Singer went to school in Brooklyn and studied chemistry and a minor in biology at Swarthmore College with a bachelor's degree in 1952. In 1957 she received her PhD in biochemistry from Joseph S. Fruton at Yale University . First she dealt with proteins, then, on Fruton's advice, with nucleic acids . From 1956 she was in the biochemistry laboratory of Leon Heppel at the National Institute of Arthritis, Metabolism, and Digestive Diseases of the National Institutes of Health (NIH) in Washington, DC, one of the few places in the USA where she could research nucleic acids at the time . It produced synthetic RNA, which was used in the experiments of the later Nobel Prize winner Marshall Nirenberg for the genetic code ( Poly-U experiment ). She became a Senior Researcher at the NIH and stayed there until 1979. She then went to the National Cancer Institute , where she headed the Biochemistry Laboratory. From 1988 to 2002 she was President of the Carnegie Institution in Washington, DC

From the beginning of the 1970s she was involved in ethical discussions about genetic engineering ( recombinant DNA ). This was discussed in 1973 at the Gordon Conference on Nucleic Acids, which she co-chaired, and she was instrumental in setting guidelines after the Asilomar Conference on Recombinant DNA in 1975.

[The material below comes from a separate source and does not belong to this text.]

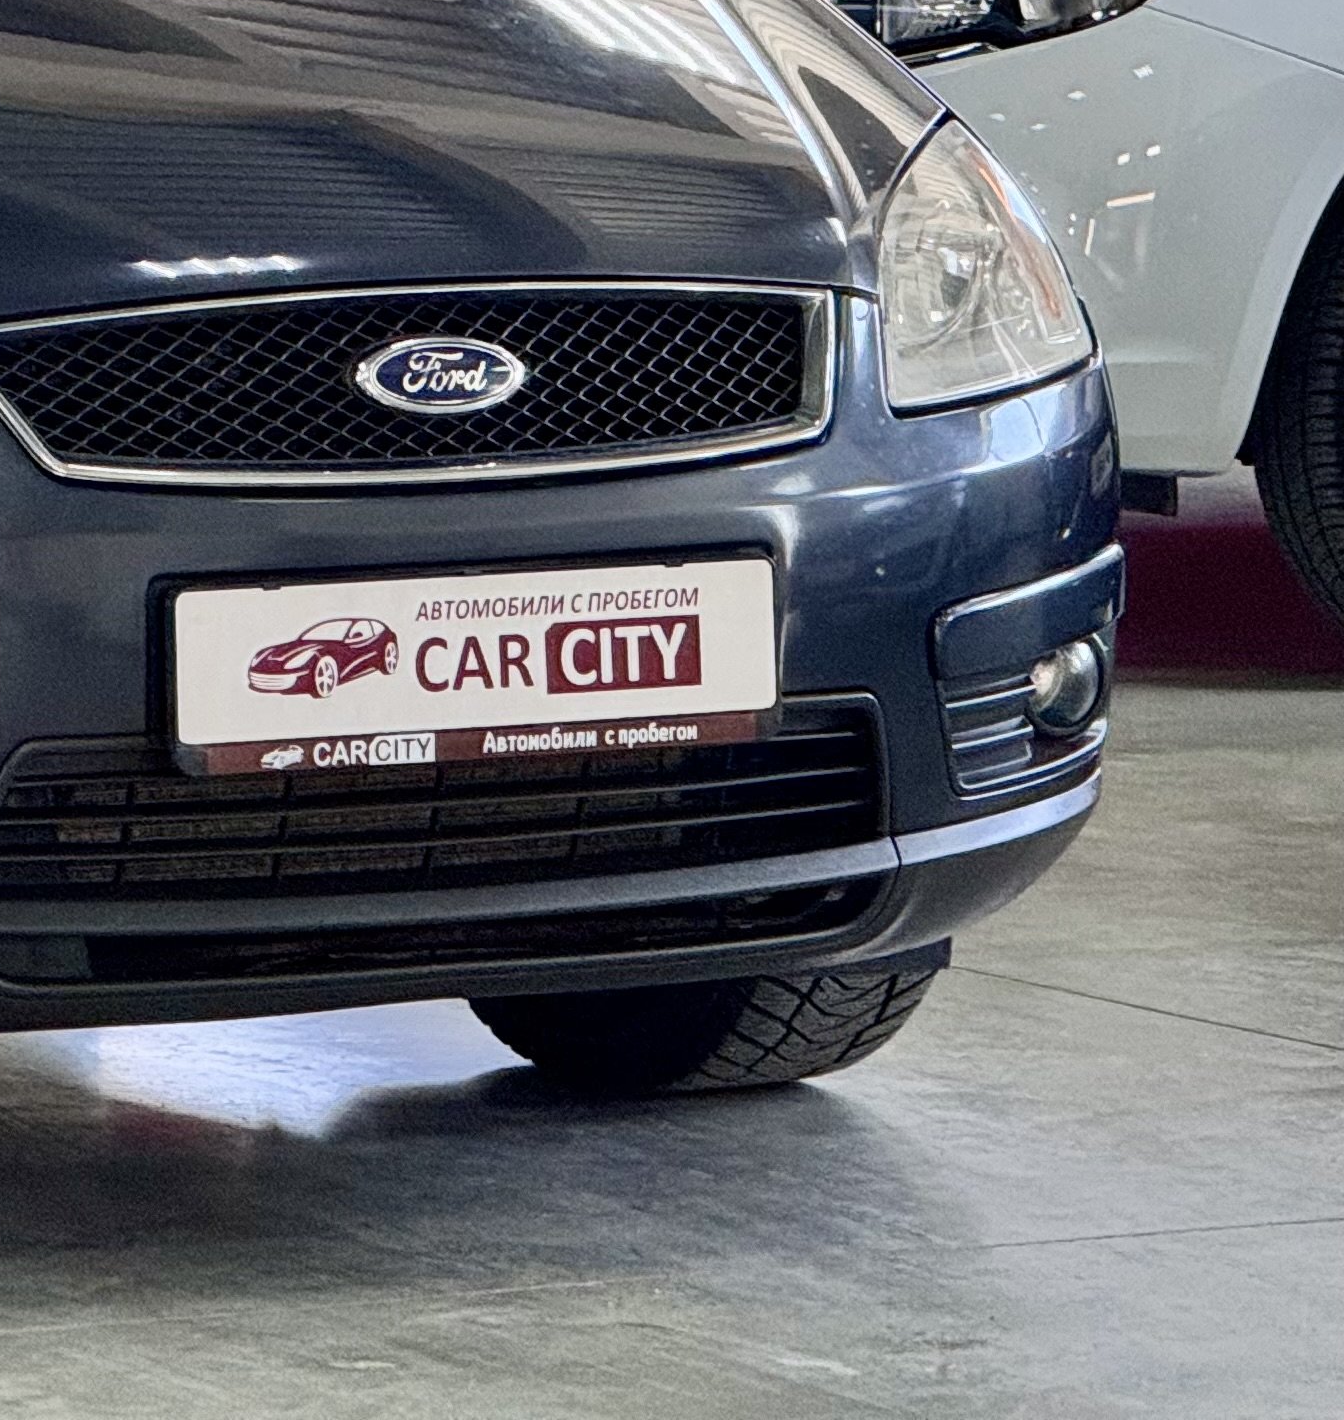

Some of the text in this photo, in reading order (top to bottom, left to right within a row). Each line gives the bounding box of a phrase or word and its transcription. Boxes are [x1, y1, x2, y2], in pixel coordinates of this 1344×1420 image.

[402, 352, 488, 392] Ford
[415, 587, 699, 621] АВТОМОБИЛИ С ПРОБЕГОМ
[415, 622, 688, 692] CAR CITY
[483, 722, 698, 754] Автомобили с пробегом

In addition to her involvement in the pioneering work to decipher the genetic code, she was involved in the discovery in the 1980s that the Long Interspersed Nuclear Elements (LINEs) in the mammalian genome are transposons .

In 1978 she became a Fellow of the American Academy of Arts and Sciences , in 1979 a member of the National Academy of Sciences , 1986 a member of the Pontifical Academy of Sciences and 1990 a member of the American Philosophical Society . In 1992 she received the National Medal of Science of the USA, in 1999 the Vannevar Bush Award , in 1982 the AAAS Award for Scientific Freedom and Responsibility and in 2007 the Public Welfare Medal of the National Academy of Sciences.